Widerruf bei Online-Kauf von Matratzen möglich

Widerruf von Fernabsatzverträgen

Verbrauchern steht bei bestimmten Vertragsabschlüssen ein Recht zum Widerruf zu. Dies gilt insbesondere zumindest in der Regel auch bei sogenannten Fernabsatzverträgen. In § 312c BGB ist der Fernabsatzvertrag definiert. Vertragsparteien sind hier auf der einen Seite ein Unternehmer und auf der anderen Seite ein Verbraucher. Der Vertragsschluss kommt unter ausschließlicher Verwendung von Fernkommunikationsmitteln zustande. Unter den Begriff der Verwendung von Fernkommunikationsmitteln fallen beispielsweise der Einsatz von Briefen, E-Mails, SMS oder Telekopie. Der Fernabsatzvertrag umfasst damit für gewöhnlich den gesamten Bereich des Online-Handels.

Im Sinne der Verbraucherrechterichtlinie (VRRL) ist es ein Ziel, den Schutz der Verbraucher zu stärken. Eine Stärkung der Verbraucherrechte stellt dabei die Einräumung eines Widerrufsrechts für bestimmte Vertragstypen dar.
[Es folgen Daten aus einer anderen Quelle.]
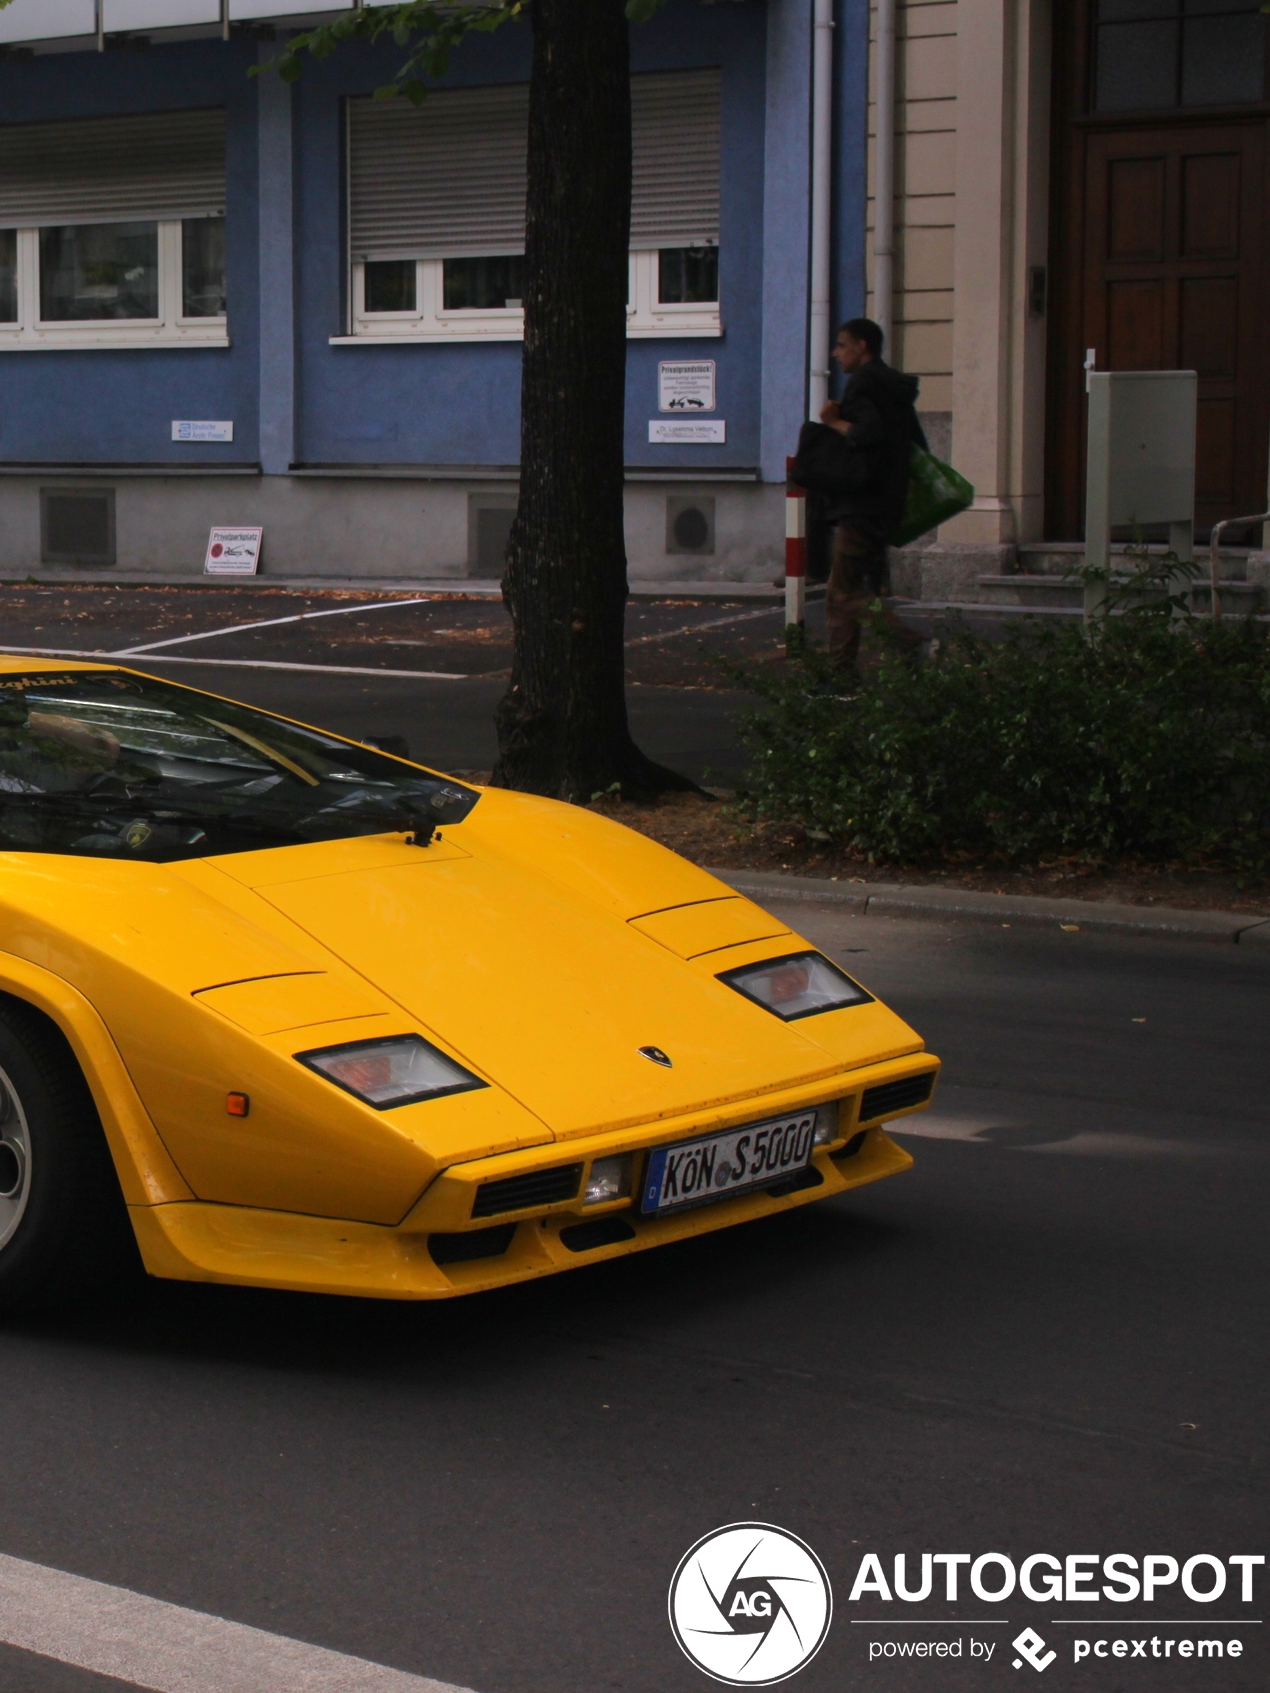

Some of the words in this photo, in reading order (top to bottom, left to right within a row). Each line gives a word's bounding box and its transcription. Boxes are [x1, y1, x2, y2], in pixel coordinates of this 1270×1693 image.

Auch bei Fernabsatzverträgen steht den Verbrauchern ein Widerrufsrecht gemäß § 312g Abs. 1 BGB grundsätzlich zu.

Allerdings enthält der zweite Absatz dieser Vorschrift einen Katalog von Ausnahmen. Sofern die Vertragsparteien nichts anderes vereinbart haben, besteht das grundsätzlich für Fernabsatzverträge bestehende Widerrufsrecht nicht. Eine dieser Ausnahmen schließt das Widerrufsrecht für Verträge aus, deren Gegenstand die

Lieferung versiegelter Ware (ist), die aus Gründen des Gesundheitsschutzes oder der Hygiene nicht zur Rückgabe geeignet sind, wenn ihre Versiegelung nach der Lieferung entfernt wurde.
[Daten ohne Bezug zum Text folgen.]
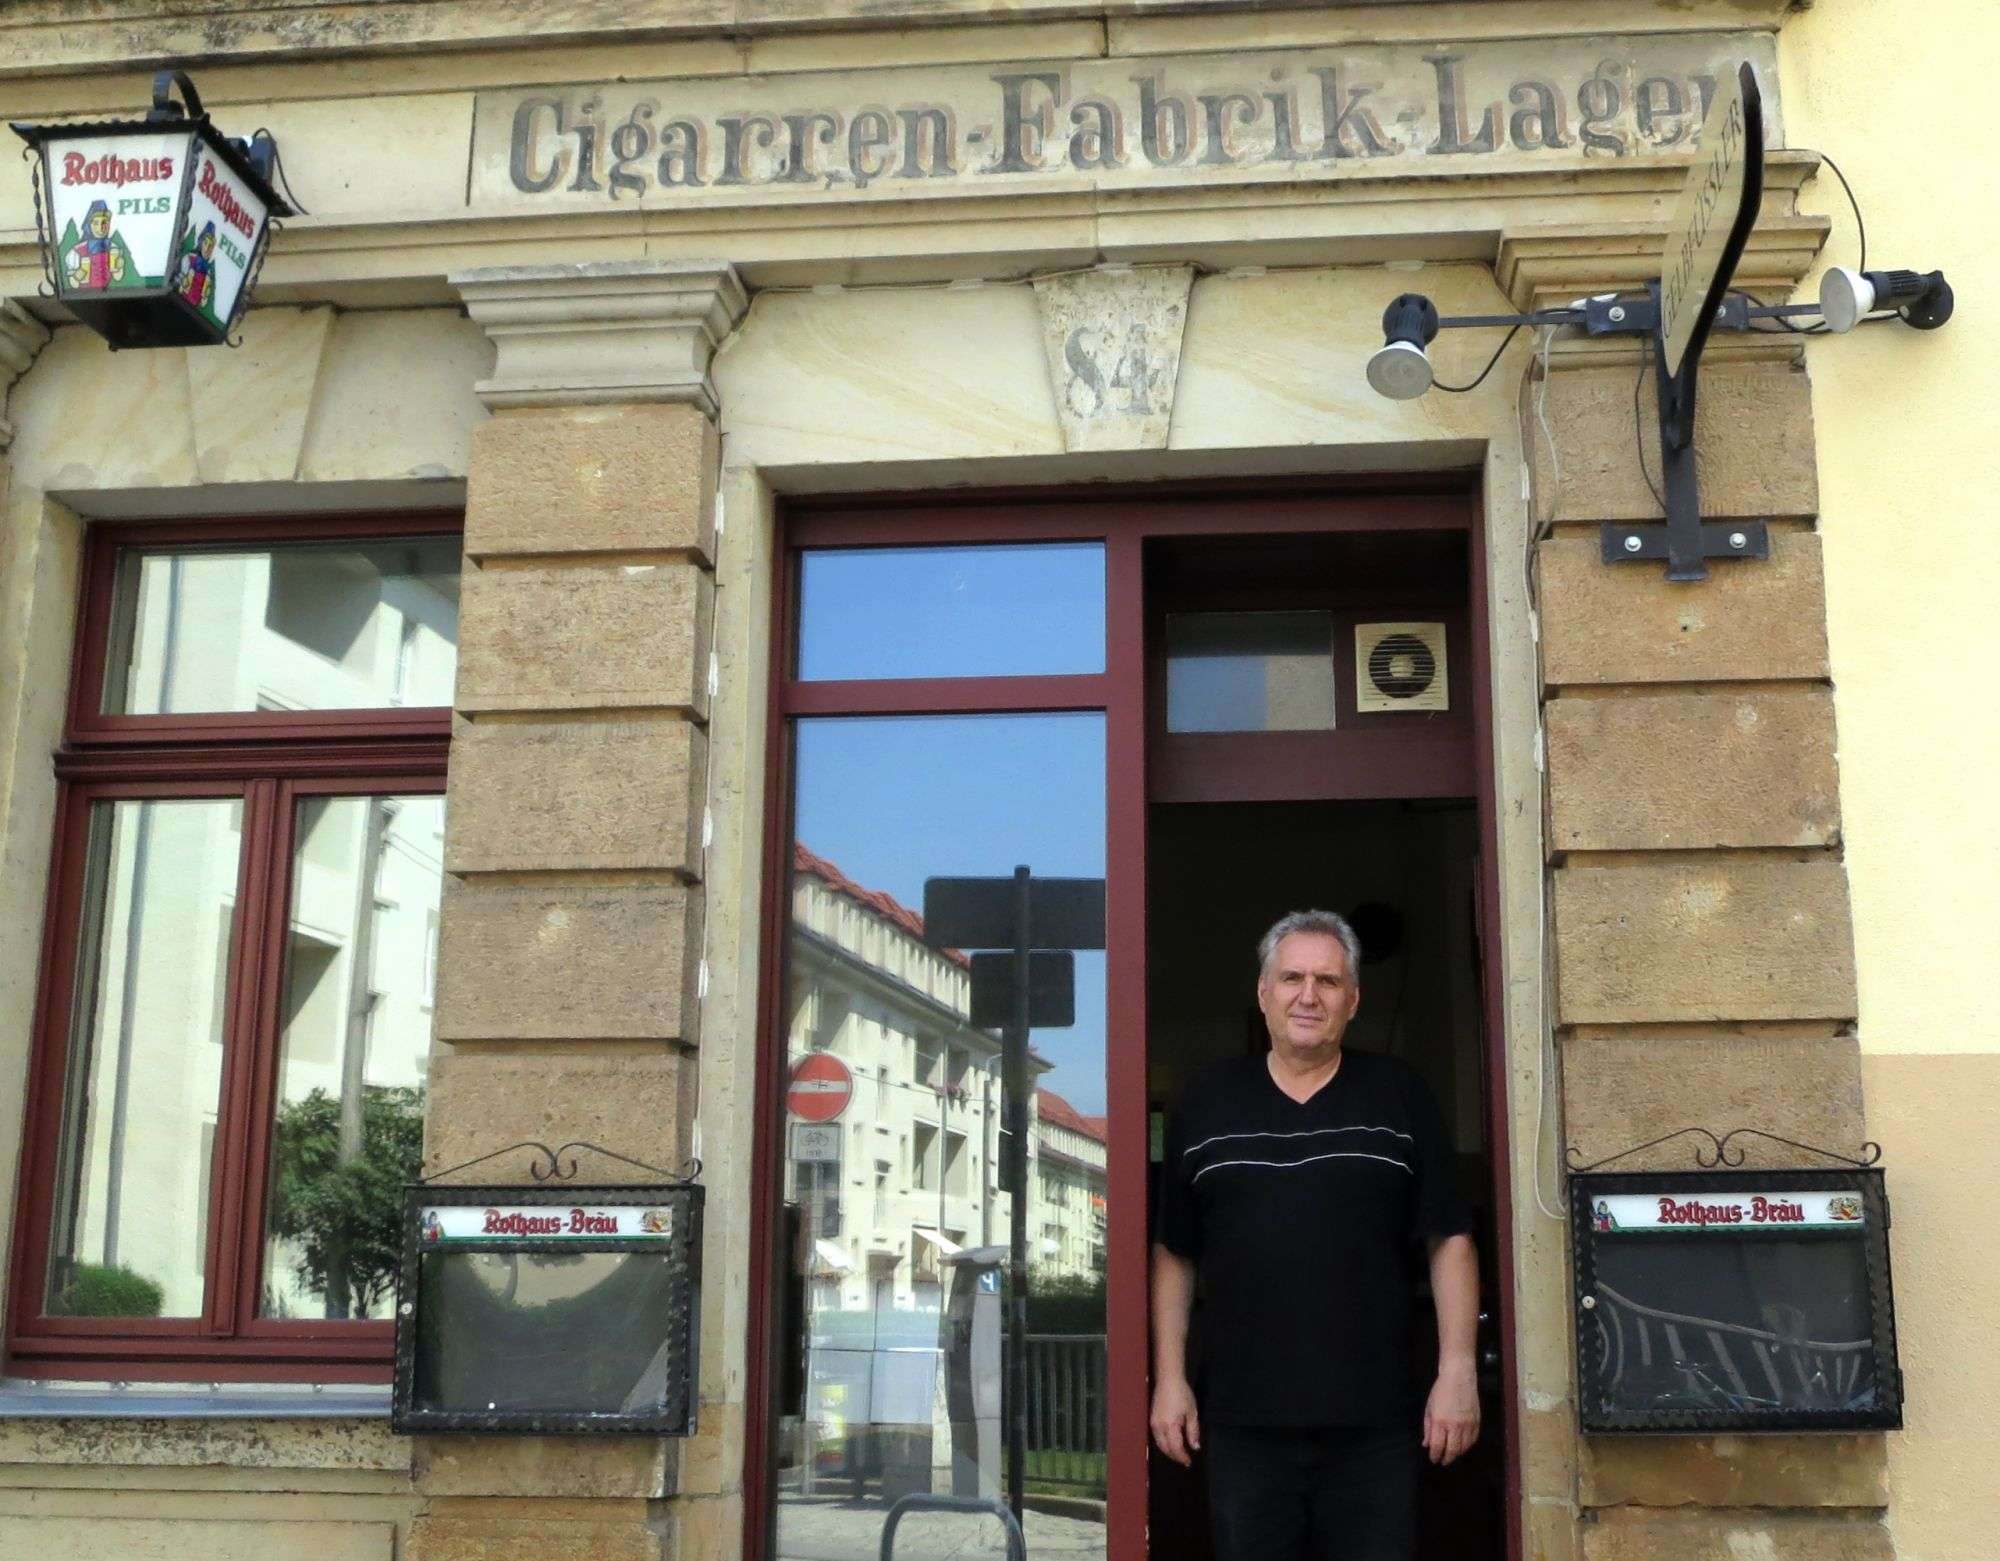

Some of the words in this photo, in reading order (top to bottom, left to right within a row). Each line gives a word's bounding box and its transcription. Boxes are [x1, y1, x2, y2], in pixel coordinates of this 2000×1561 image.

[61, 152, 174, 188] Rothaus
[117, 197, 171, 216] PILS
[199, 160, 255, 238] Rothaus
[218, 233, 247, 270] PILS
[482, 1208, 618, 1236] Rothaus-Bräu
[1657, 1196, 1805, 1226] Rothaus-Bräu
Der Bundesgerichtshof hatte sich mit der Frage auseinanderzusetzen, ob ein Verbraucher seine auf den Abschluss des Fernabsatzvertrages gerichtete Willenserklärung widerrufen kann. Hintergrund war der Umstand, dass der Verbraucher im Rahmen eines Online-Kaufs eine versiegelte Matratze erwarb. Nach Lieferung der Matratze entfernte er die Versiegelung und erklärte anschließend den Widerruf. Der BGH hatte neben weiteren Fragen zu klären, ob es sich bei einer Matratze um einen Hygieneartikel im Sinne des § 312g Abs. 2 Nr. 3 BGB handelt oder nicht.

Widerruf auch bei Online-Kauf versiegelter Matratzen möglich

Bereits die Vorinstanzen, das Amtsgericht und das Landgericht Mainz, gaben dem Verbraucher Recht und sprachen ihm ein Widerrufsrecht zu. Das Berufungsgericht stellte darauf ab, dass eine Matratze kein Hygieneartikel im Sinne des § 312g Abs. 2 Nr. 3 BGB ist. Aus diesem Grund sei der Widerruf auch nach dem Entfernen der Folie für den Verbraucher möglich.
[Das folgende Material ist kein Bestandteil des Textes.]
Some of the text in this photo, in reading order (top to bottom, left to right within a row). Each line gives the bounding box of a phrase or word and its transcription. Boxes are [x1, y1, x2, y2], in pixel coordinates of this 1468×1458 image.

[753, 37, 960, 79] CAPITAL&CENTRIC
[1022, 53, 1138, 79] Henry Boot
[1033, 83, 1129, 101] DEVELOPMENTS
Der Bundesgerichtshof setzte das Verfahren zunächst aus. Er hatte zunächst eine Frage zur Vorabentscheidung an den Gerichtshof der Europäischen Union gerichtet. Dabei ging es um die Frage, ob Waren, die bei bestimmungsgemäßen Gebrauch mit dem menschlichen Körper in Berührung kommen, aus Gründen des Gesundheitsschutzes oder aus Hygienegründen nicht zur Rückgabe geeignet sind, obwohl sie durch geeignete Maßnahmen wieder verkehrsfähig gemacht werden können.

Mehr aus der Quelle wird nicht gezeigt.